Novartis, the multi-national healthcare company that provides solutions to address the evolving needs of patients worldwide, needed a way to empower their global team of analysts and data scientists with a powerful data platform that would reduce data preparation time and provide self-service capabilities for building models and running analytics.
“Novartis’ mission is to reimagine medicine to improve and extend people's lives, and to do so successfully today we need to leverage digital technologies that continue to put data and data science at the center of our transformation,” said Loic Giraud, Global Head of Digital Platform & Product Delivery at Novartis. “As a progressive, data-driven life-science organization, the flexibility and scale of Snowflake’s Data Cloud allows us to accelerate our pace of knowledge through data interpretation and insight generation, bringing more focus and speed to our business. Bringing together all available data ultimately unlocks more value for our employees, patients, and health care providers, and data science innovations help us realise this goal."

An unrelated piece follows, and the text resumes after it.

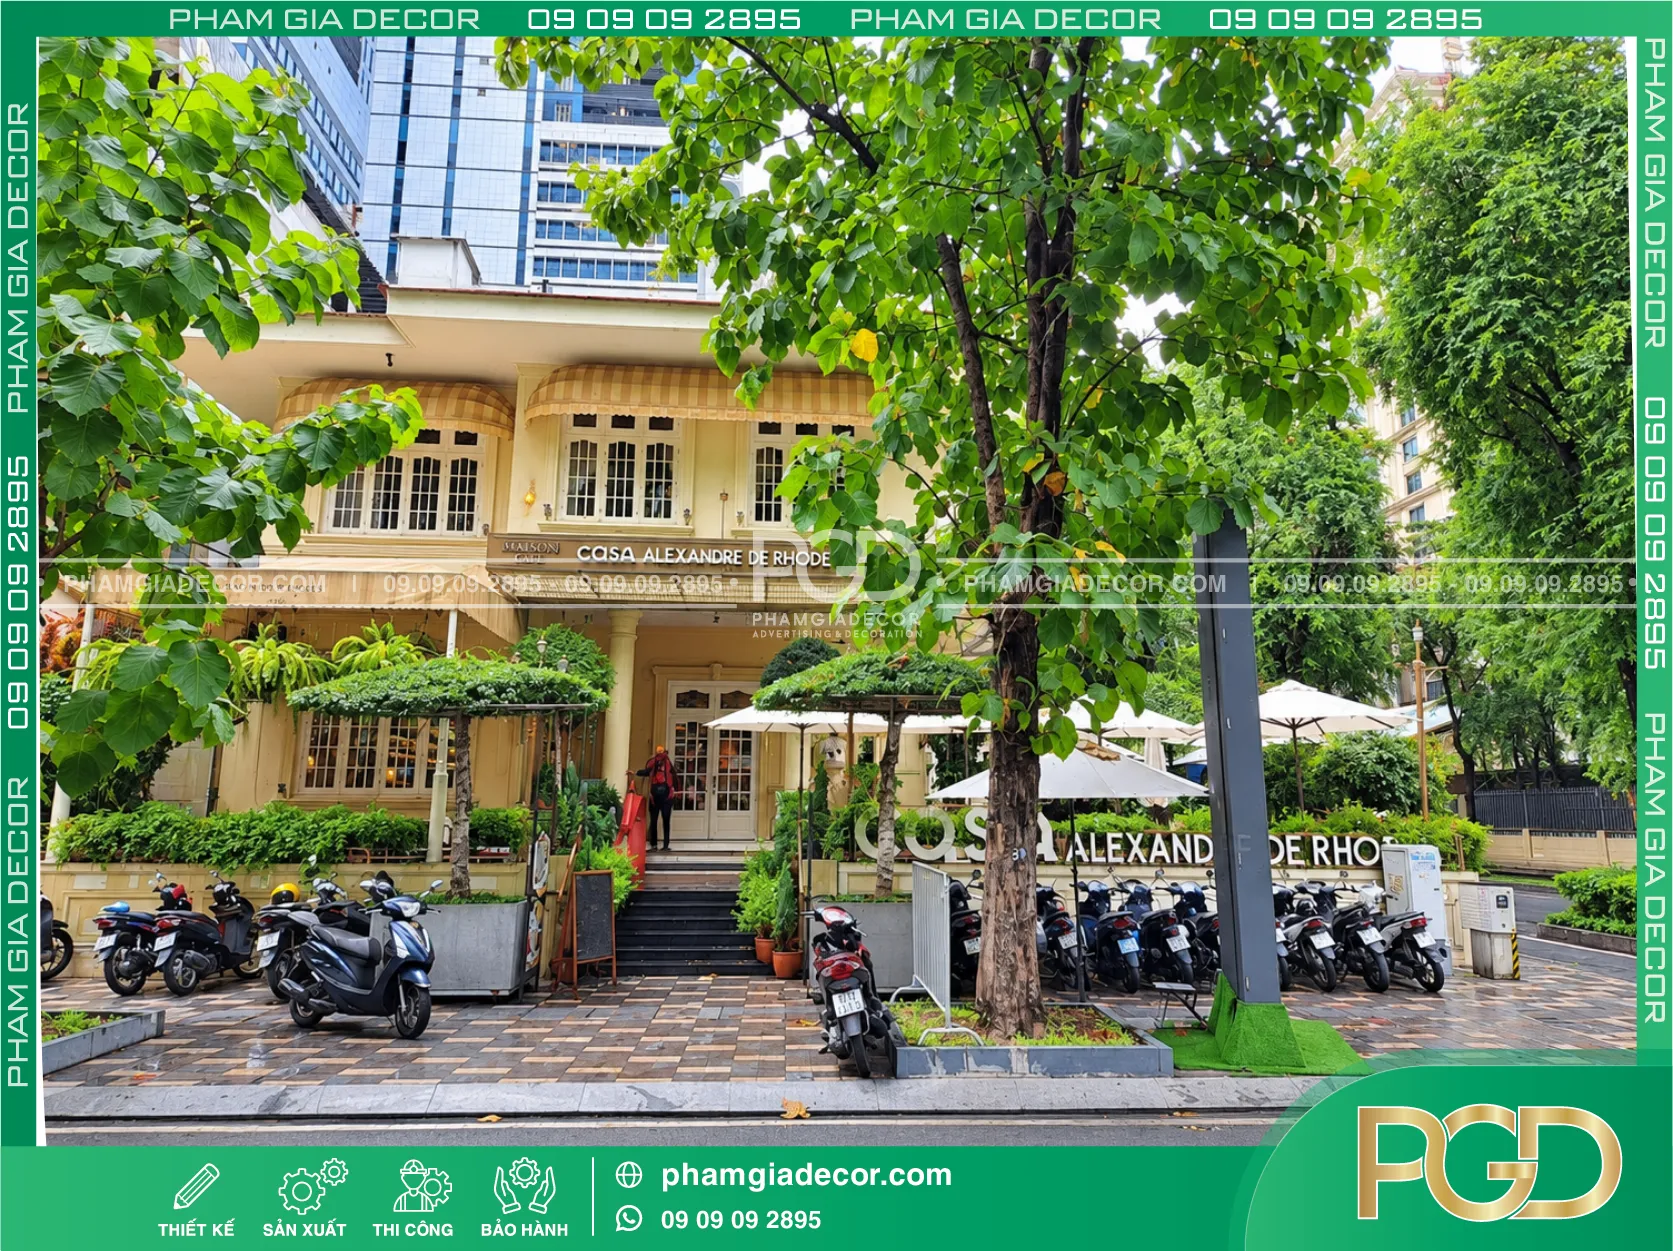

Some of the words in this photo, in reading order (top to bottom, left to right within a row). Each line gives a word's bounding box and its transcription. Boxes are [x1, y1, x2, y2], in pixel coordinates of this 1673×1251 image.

“Snowflake has long provided the building blocks for pipeline development and machine learning workflows, and the introduction of Snowpark has dramatically expanded the scope of what’s possible in the Data Cloud,” said Christian Kleinerman, SVP of Product at Snowflake. “As with Snowpark for Java and Scala, Snowpark for Python is natively integrated into Snowflake’s engine so users can enjoy the same security, governance, and manageability benefits they’ve come to expect when working with Snowflake. As we continue to focus on mobilizing the world’s data, Python broadens even further the choices for programming data in Snowflake, while streamlining data architectures.”
- Sign up for Snowflake’s SnowDay event to hear about the latest advancements in the Data Cloud in keynotes, expert deep dives, and customer sessions.
- Read more about the Snowday announcements on the blog.
- Learn how Snowpark Accelerated partners have been democratizing data in the areas of data science, data engineering, data governance, and security.
- Stay on top of the latest news and announcements from Snowflake on LinkedIn and Twitter.
This press release contains express and implied forwarding-looking statements, including statements regarding the availability of Snowpark for Python. These forward-looking statements are subject to a number of risks, uncertainties and assumptions, including those described under the heading “Risk Factors” and elsewhere in the Quarterly Report on Form 10-Q for the fiscal quarter ended July 31, 2021 that Snowflake has filed with the Securities and Exchange Commission. In light of these risks, uncertainties, and assumptions, actual results could differ materially and adversely from those anticipated or implied in the forward-looking statements. As a result, you should not rely on any forwarding-looking statements as predictions of future events.
Snowflake enables every organization to mobilize their data with Snowflake’s Data Cloud. Customers use the Data Cloud to unite siloed data, discover and securely share data, and execute diverse analytic workloads. Wherever data or users live, Snowflake delivers a single data experience that spans multiple clouds and geographies. Thousands of customers across many industries, including 212 of the 2021 Fortune 500 as of July 31, 2021, use Snowflake Data Cloud to power their businesses. Learn more at snowflake.com.
1According to SlashData, Developer Economics: State of the Developer Nation 20th Edition.